This shop in a low-income neighborhood of Bangor, Maine, has had the same owner since 1980.

People in my town love our independent bookstore, which seems to have been able to weather the pandemic so far. If I bought a book there before I was vaccinated, the staff would either mail it or offer curbside pickup. Now at last I feel comfortable going inside.
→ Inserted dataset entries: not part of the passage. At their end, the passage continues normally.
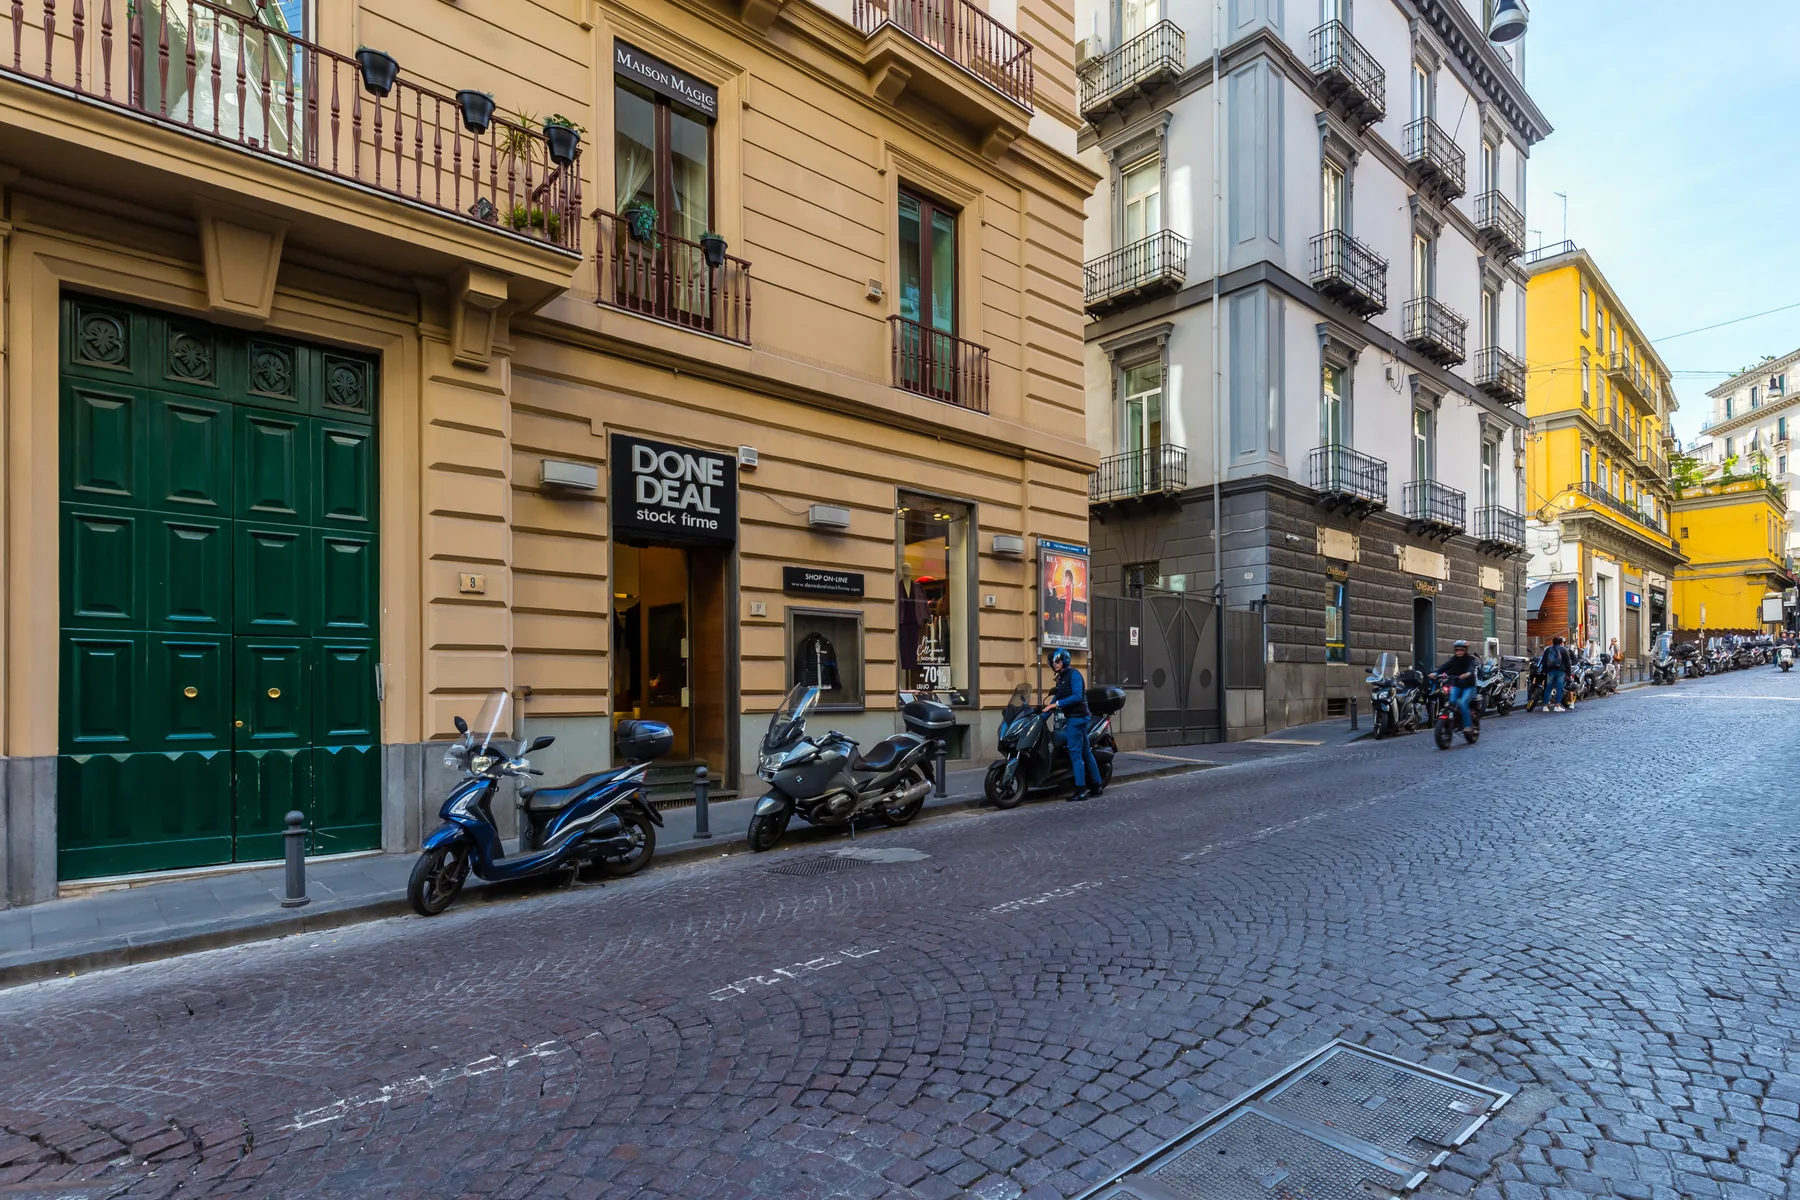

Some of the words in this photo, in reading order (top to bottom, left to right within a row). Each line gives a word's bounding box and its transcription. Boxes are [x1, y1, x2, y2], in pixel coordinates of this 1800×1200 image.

[616, 48, 668, 86] MAISON
[632, 444, 724, 487] DONE
[636, 475, 721, 515] DEAL
[636, 508, 676, 525] stock
[681, 511, 718, 530] firme
[470, 577, 476, 589] 9
[805, 573, 822, 581] SHOP
[919, 666, 947, 683] -70%
Does your town have an indie?

Robert Klose wrote recently for the Christian Science Monitor about an indie bookshop in Maine. “The Dutch Renaissance humanist Erasmus of Rotterdam once wrote, ‘When I have a little money, I buy books; and if I have any left, I buy food and clothes.’
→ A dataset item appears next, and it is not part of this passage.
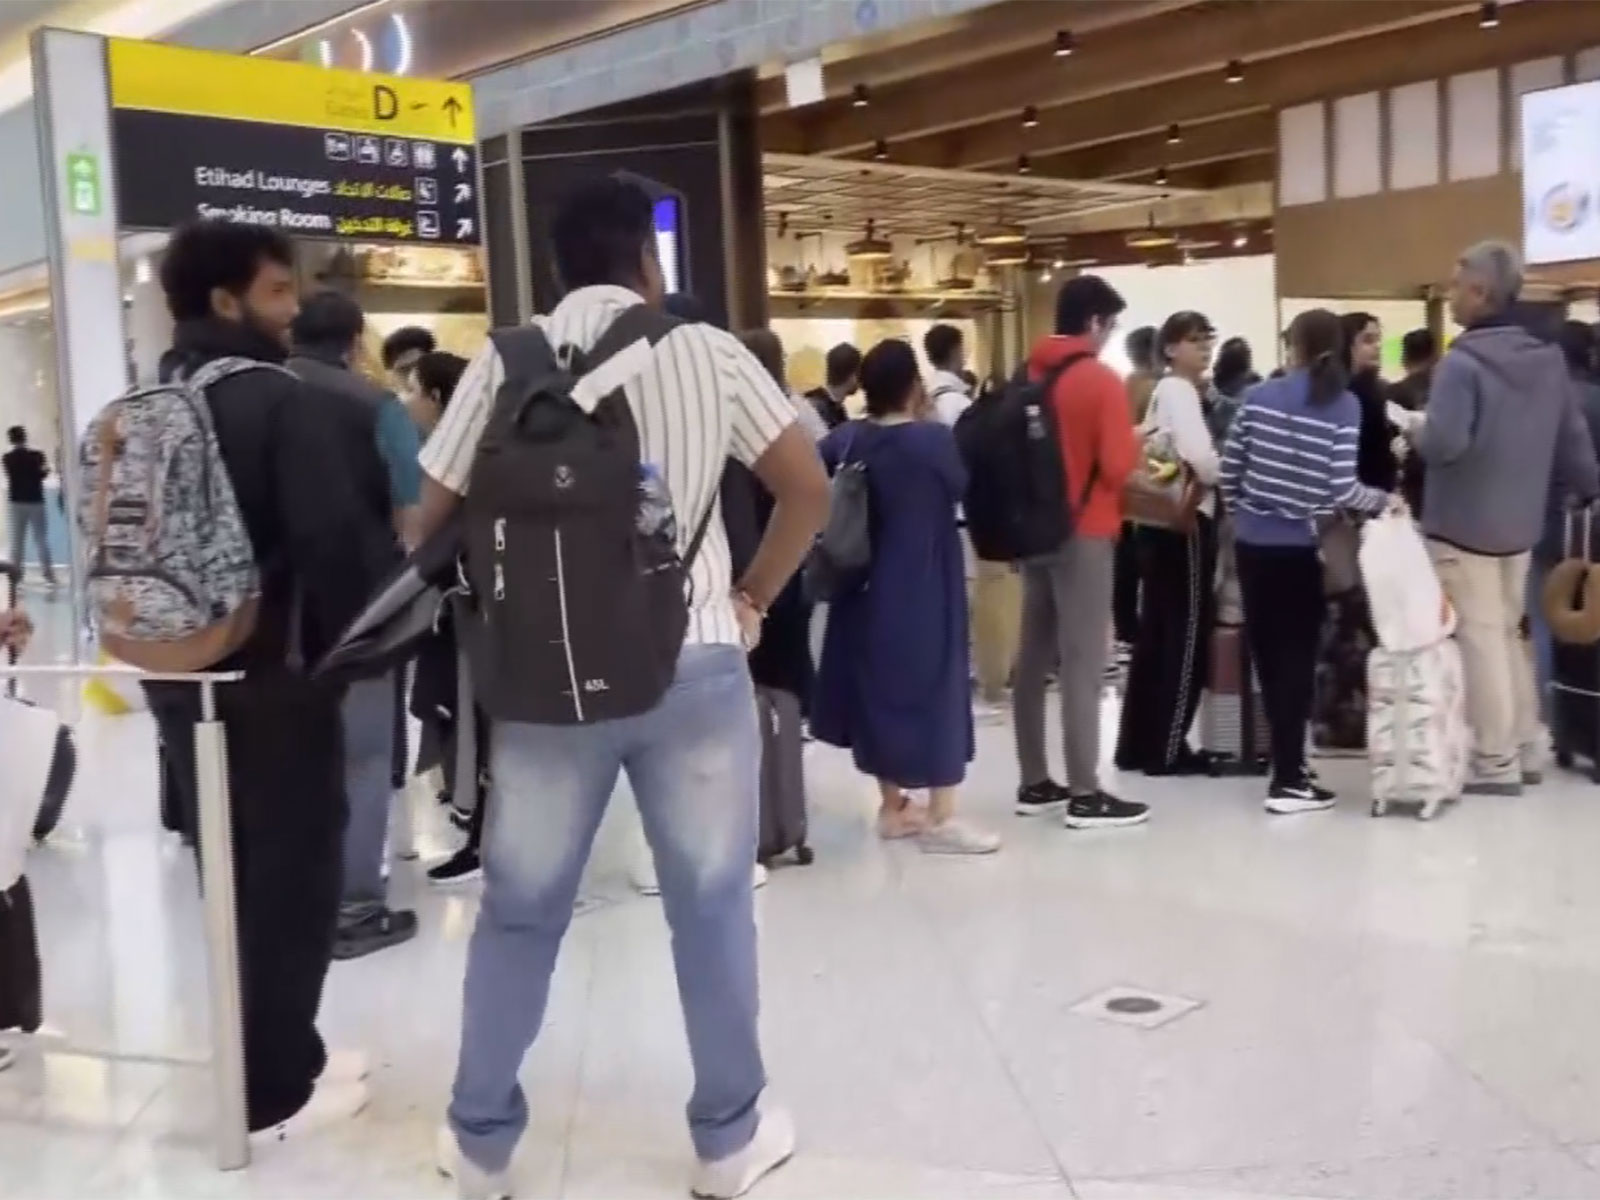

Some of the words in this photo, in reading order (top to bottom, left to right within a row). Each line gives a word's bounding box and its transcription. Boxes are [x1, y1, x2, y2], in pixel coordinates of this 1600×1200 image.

“This thought came to mind as I drove through one of Bangor, Maine’s poorest neighborhoods en route to a small, offbeat, secondhand bookstore that distinguishes an otherwise careworn street and bears the lofty moniker Pro Libris Books. …

“What a wonderful, wonderful thing to have a bookstore in one’s midst, especially in a place where other needs may incessantly intercede, and in an electronic age when so many bookstores – whether of the small, independent, mom and pop variety, or mega-outfits like Borders – have evaporated from our communities, seemingly overnight.

“Pro Libris Books is an unassuming but well-ordered cave of a shop occupying the ground floor of a peeling-paint clapboard building. … The owner, Eric Furry (is there a more appealing name for a bookseller?), has plied his trade since 1980 and, happily, still turns a profit.

“Mr. Furry, a small septuagenarian with an outsize crop of salt-and-pepper hair, touts his business as ‘A Reader’s Paradise.’ This seems to be enough to attract the rich variety of types I have observed there. …

“As I wander the stacks, dividing my time between titles and observing the other visitors, I note the interplay between patron and proprietor. Not everyone is there to buy. If I’m not mistaken in my interpretation of body language, my impression is that many are there to be – and I choose this word carefully – comforted. The familiar titles, the affordability of the volumes, the quirky touches (a coffin-turned-bookcase from the set of a Stephen King movie; a bumper sticker announcing, ‘Maybe the hokey-pokey is what it’s all about’; Mr. Furry’s roaming cat) return me to the consideration of what we need, of what is indeed essential. When I am visiting Pro Libris Books, I find myself siding with celebrated author John Updike, who once said, ‘Bookstores are lonely forts, spilling light onto the sidewalk. They civilize their neighborhoods.’ …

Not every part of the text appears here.